#### [Required action]
When you reproduce the entries below, keep each one exact and drop any pictures.

#### [Supplied data]
——

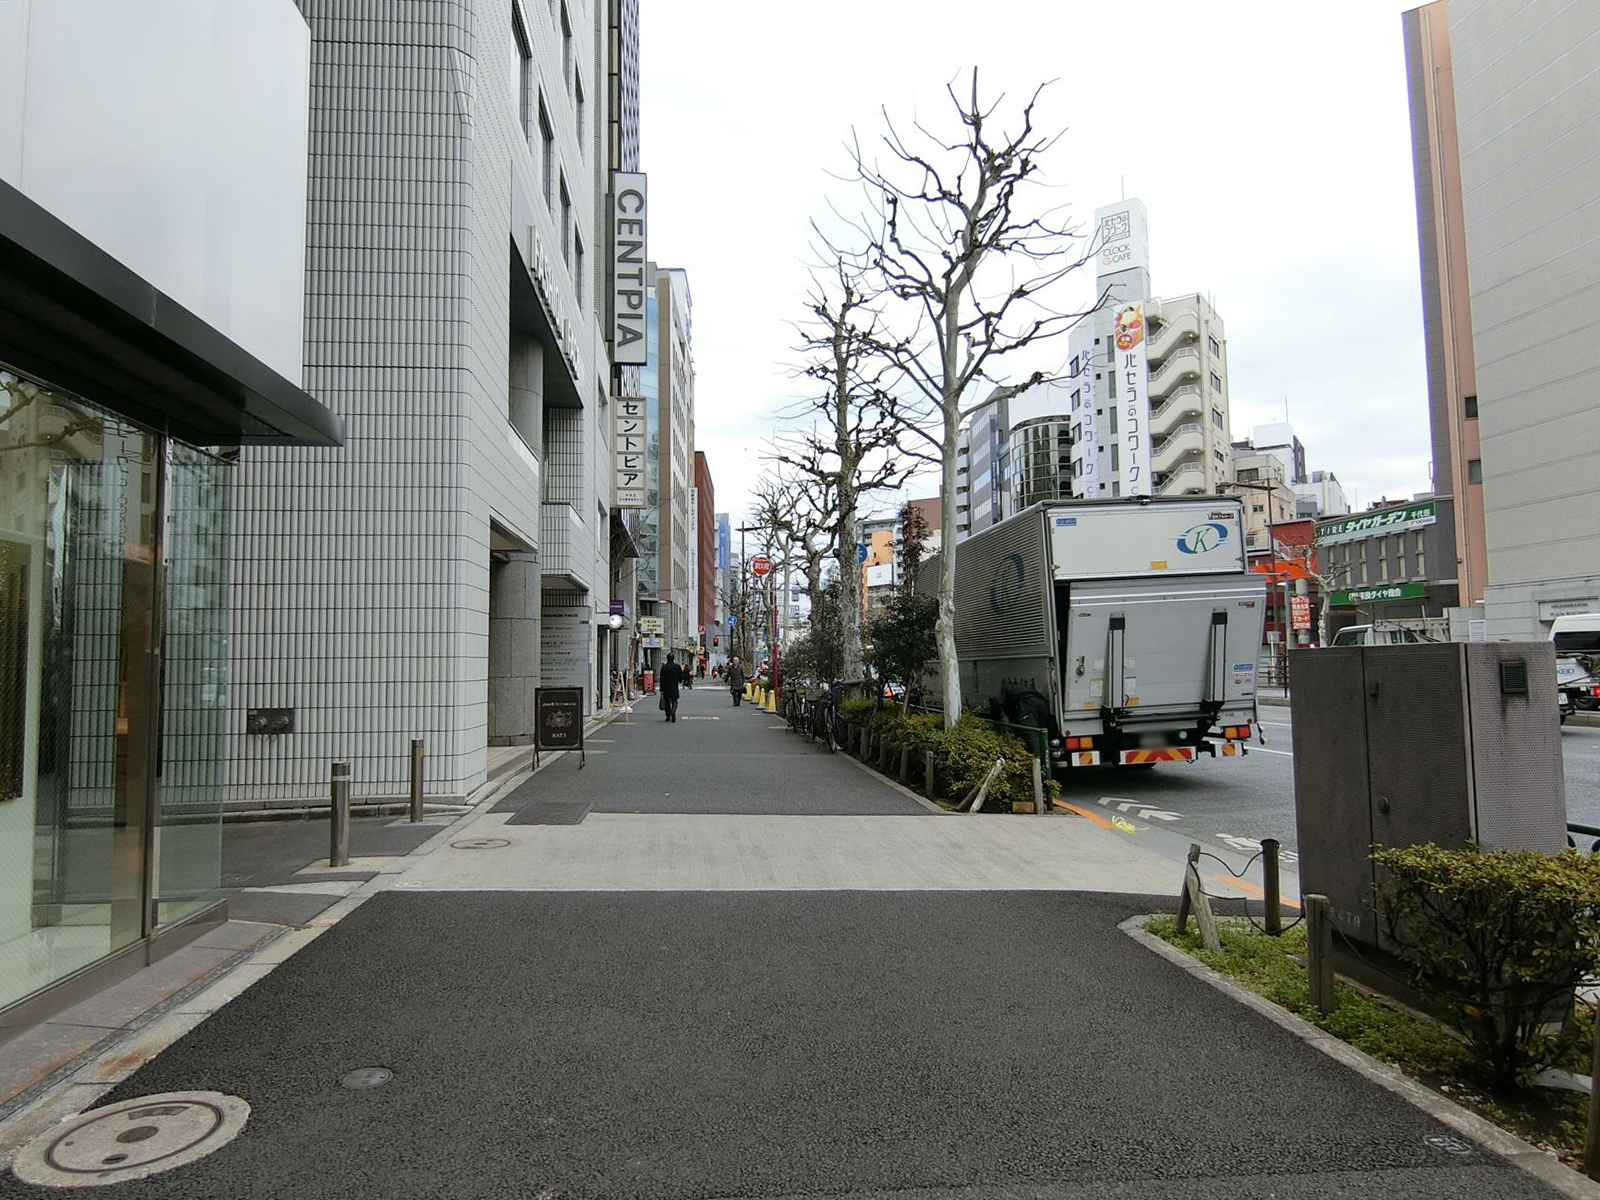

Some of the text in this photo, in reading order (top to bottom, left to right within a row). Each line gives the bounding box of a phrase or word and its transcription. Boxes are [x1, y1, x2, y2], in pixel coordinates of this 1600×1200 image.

[1102, 243, 1131, 258] CLOCK
[616, 187, 645, 348] CENTPIA
[622, 400, 640, 486] セントピア
[1345, 510, 1407, 533] タイヤガーデン
[1410, 509, 1431, 519] 千代田
[1191, 528, 1212, 554] K

——

#### [Written response]
Some of the text in this photo, in reading order (top to bottom, left to right within a row). Each line gives the bounding box of a phrase or word and its transcription. Boxes are [x1, y1, x2, y2], in pixel coordinates of this 1600×1200 image.

[1102, 243, 1131, 258] CLOCK
[616, 187, 645, 348] CENTPIA
[622, 400, 640, 486] セントピア
[1345, 510, 1407, 533] タイヤガーデン
[1410, 509, 1431, 519] 千代田
[1191, 528, 1212, 554] K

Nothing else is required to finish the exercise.